Does this help? Let me know if you need more information.

Regards,
Gaston
Comment by Laurence Gilliot on October 29, 2009 at 5:00pm
Here a message from Toussaint from DR-Congo send by email in response to your blog:

Merçi pour l'interêt que vous accordiez à mon expérience sur la pair éducation.
Au fait, c'est une approche communautaire qui consiste à organiser des causéries éducatives avec les groupes des gens ou des formations, içi l'animateur est consider comme un spécialiste, professeur ou quelqu'un qui connait tout.
C'est une approche qui n'a pas d'impact visible et durable parceque la communauté ne s'approprie pas de l'approche et à l'absence du pair educateur rien ne se faira donc moi personnellement je n'encourages pas cette approche , je souhaite plus notre approche salt où la communauté elle - même prends les choses en main.
Voilà ma pétite contribution et restant ouvert et dispos pour d'éventuelles questions.

Translation:
Thank you for your interest in my experience on peer education.
In fact, it is a community approach that consists in organizing educational conversations with groups of people or formations, where the animator is considered as a specialist, professor or someone who knows everything.
It is an approach that doesn't have a clear and lasting impact because the community does not own the approach and in the absence of the peer educator nothing will happen so personally I do not encourage this approach, I prefer our SALT approach where the community it-self takes things in its own hands.
Here is my small contribution and I am available and open for any questions.

Thank you Toussaint for your contribution. Merci Toussaint pour ta contribution.
Comment by Laurence Gilliot on October 29, 2009 at 10:52am
Hi Gracia,

Excellent news! ACP is spreading in Indonesia thanks to your efforts as well as the whole IndoCompetence team.

Will the peer educators have a chance to do a SALT visit during the training? If not, is there any chance that you can do a support visit to help the local team implement the approach in the field? Or maybe you can invite some team members to visit your team and join some activities to learn more about how you use the approach in the field?
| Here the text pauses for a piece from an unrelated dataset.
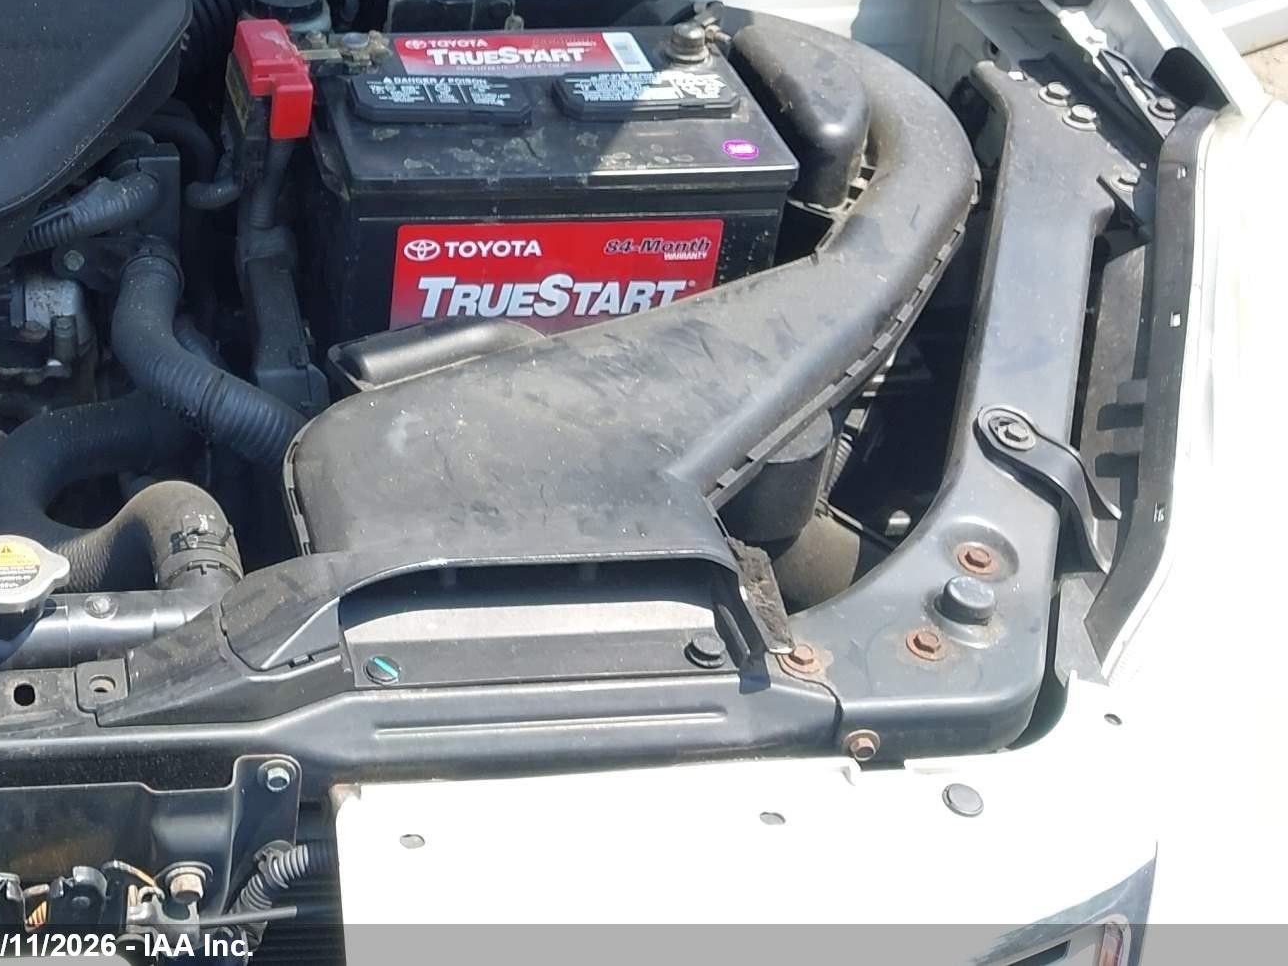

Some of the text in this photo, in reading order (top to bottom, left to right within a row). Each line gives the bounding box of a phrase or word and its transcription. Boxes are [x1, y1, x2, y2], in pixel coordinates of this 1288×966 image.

I always have to think of my good friend Toussaint from RD-Congo when I hear that peer educators use the AIDS Competence Process. He shared in an interview (in french) how much the approach changed his way of working. Before, he would arrive in a group with his material and display everything on the table. Then he would start: blablabla... in the end there would be some time for questions.
Now, he stimulates a discussion from the start. He lets people reflect and most importantly he helps them discover their own strengths. He uses the dream and self-assessment so that people can (if they want) build a common vision, assess the situation and make an action plan. "Before, people thought: this issue of HIV, it is Toussaint's issue. Now they understand that it is everyone's issue."